Dive Brief:
- SpartanNash is investing $18.3 million to re-brand 18 Family Fare supermarkets in West Michigan, according to a company press release. The banner has unveiled a new look and expanded offerings under the tagline "keeping it real."
- As part of the re-brand, Family Fare is emphasizing a commitment to value, local products, affordable wellness and socially smart practices. The updated stores will include features like energy-efficient refrigerated cases; the Fresh Divide, which offers fresh-cut produce; and in-store taquerias.
- SpartanNash announced mixed results in its Q1 2019 earnings Monday, reporting a 6.6% net sales growth year-over-year to $2.54 billion. Operating earnings were $22.2 million, a drop from $25.7 million a year ago, due in part to lower food distribution and retail margin rates and higher supply chain costs, the company said.
Dive Insight:
SpartanNash has been hard at work to make improvements across its banners as price pressure, operating expenses and competition have hindered the company’s recent performance. This is the second mediocre quarter for SpartanNash, which also missed expectations for Q4 2018, when the top-line business failed to translate to bottom-line growth.
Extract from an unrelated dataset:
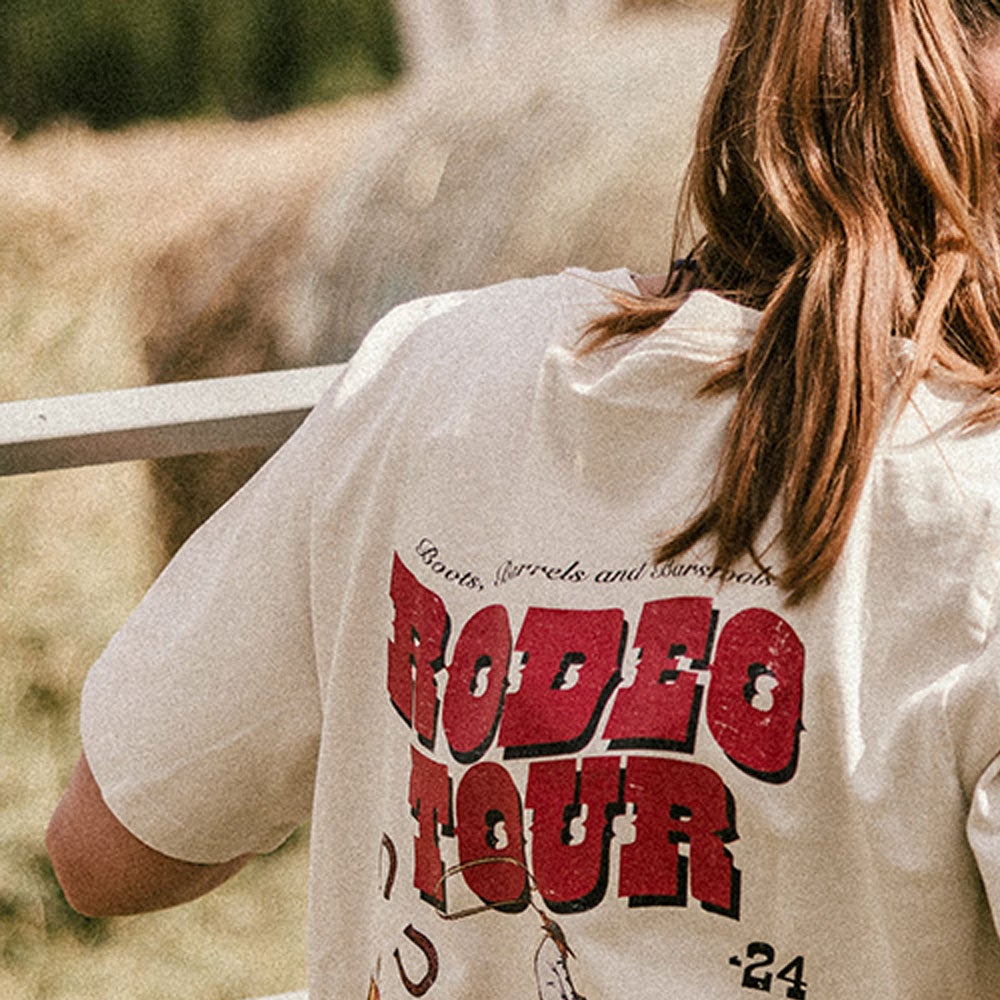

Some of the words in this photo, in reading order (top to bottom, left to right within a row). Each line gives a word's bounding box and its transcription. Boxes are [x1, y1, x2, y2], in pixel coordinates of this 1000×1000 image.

Family Fare is a token banner for SpartanNash, with 88 retail locations serving Michigan, Minnesota, Nebraska, North Dakota, South Dakota, Wisconsin and Wyoming. The chain's store updates, which include more cut fruits and vegetables, new meal solutions and an expanded health and beauty department, began testing in several locations last year before the 18-store rollout.
With competitors like Kroger, Whole Foods and Meijer also updating stores, Family Fare wants to make sure its stores are relevant, and will likely continue refreshing locations across its footprint. During SpartanNash's earnings call Monday, CEO David Staples said the company incurred higher marketing and promotional costs during Q2 but said it would see a benefit later this year and into 2020.
"This positioning will be key to the differentiation of our operations and sharpening our focus on affordable wellness, value beyond price, a fun and indulgent shopping experience with a focus on local products and providing a socially smart and community focused store operation," SpartanNash CEO David Staples said during the company's earnings call.
The grocer-wholesaler also launched a scan-and-go pilot for two Family Fare locations in Wyoming last November and a mobile app last spring for its major retail banners. Company-wide, SpartanNash has embarked on a private label product rebrand to reformulate hundreds of products with cleaner ingredients and redesign packaging to make labels easier to read.
Although SpartanNash missed its goal to improve adjusted operating earnings and adjusted EBITDA growth in Q1, it has continued to make progress on five key objectives it identified for 2019, the company said in its earnings press release. In addition to its sales growth, SpartanNash identified more than $20 million in savings opportunities and strengthened its management team with a new chief merchandising and marketing officer and chief information officer. SpartanNash also paid down $20 million in debt during Q1.
In January, SpartanNash completed the acquisition of 21 Martin’s Supermarkets, boosting its total store count to 160.